■ **Your assignment**: Only the text is wanted; write out each record below exactly and exclude all pictures.
'''
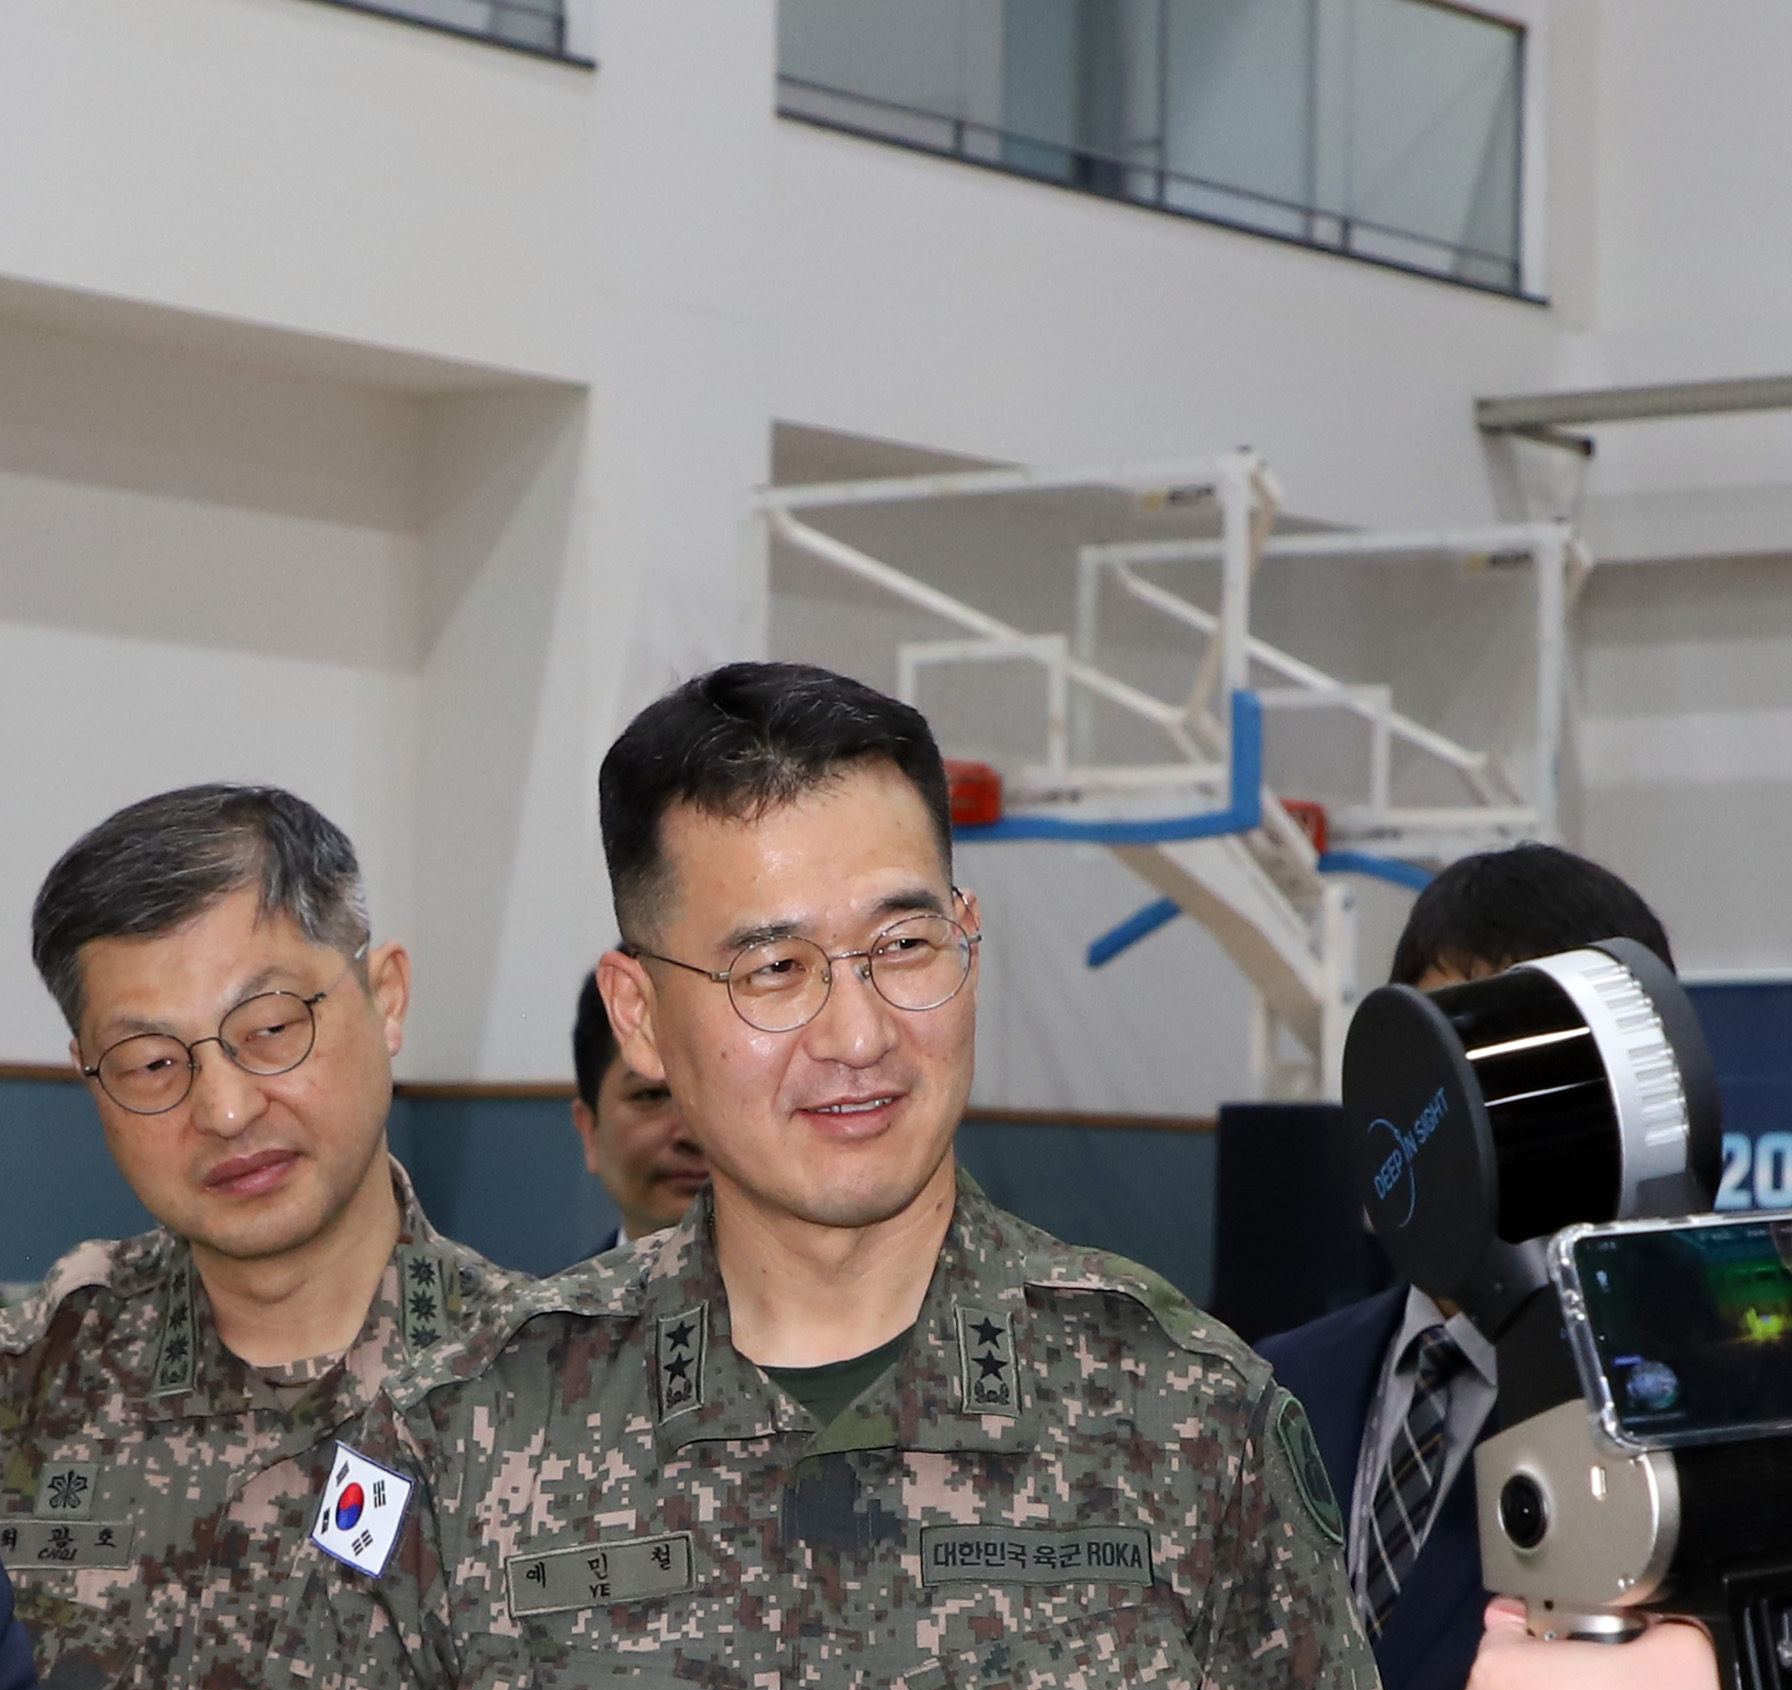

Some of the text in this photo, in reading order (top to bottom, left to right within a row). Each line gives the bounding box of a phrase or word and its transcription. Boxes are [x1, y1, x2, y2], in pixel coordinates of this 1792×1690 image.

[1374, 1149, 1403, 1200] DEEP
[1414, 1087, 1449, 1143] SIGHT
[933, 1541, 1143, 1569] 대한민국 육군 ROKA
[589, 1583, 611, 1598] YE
'''
■ **Result of the task**:
Some of the text in this photo, in reading order (top to bottom, left to right within a row). Each line gives the bounding box of a phrase or word and its transcription. Boxes are [x1, y1, x2, y2], in pixel coordinates of this 1792×1690 image.

[1374, 1149, 1403, 1200] DEEP
[1414, 1087, 1449, 1143] SIGHT
[933, 1541, 1143, 1569] 대한민국 육군 ROKA
[589, 1583, 611, 1598] YE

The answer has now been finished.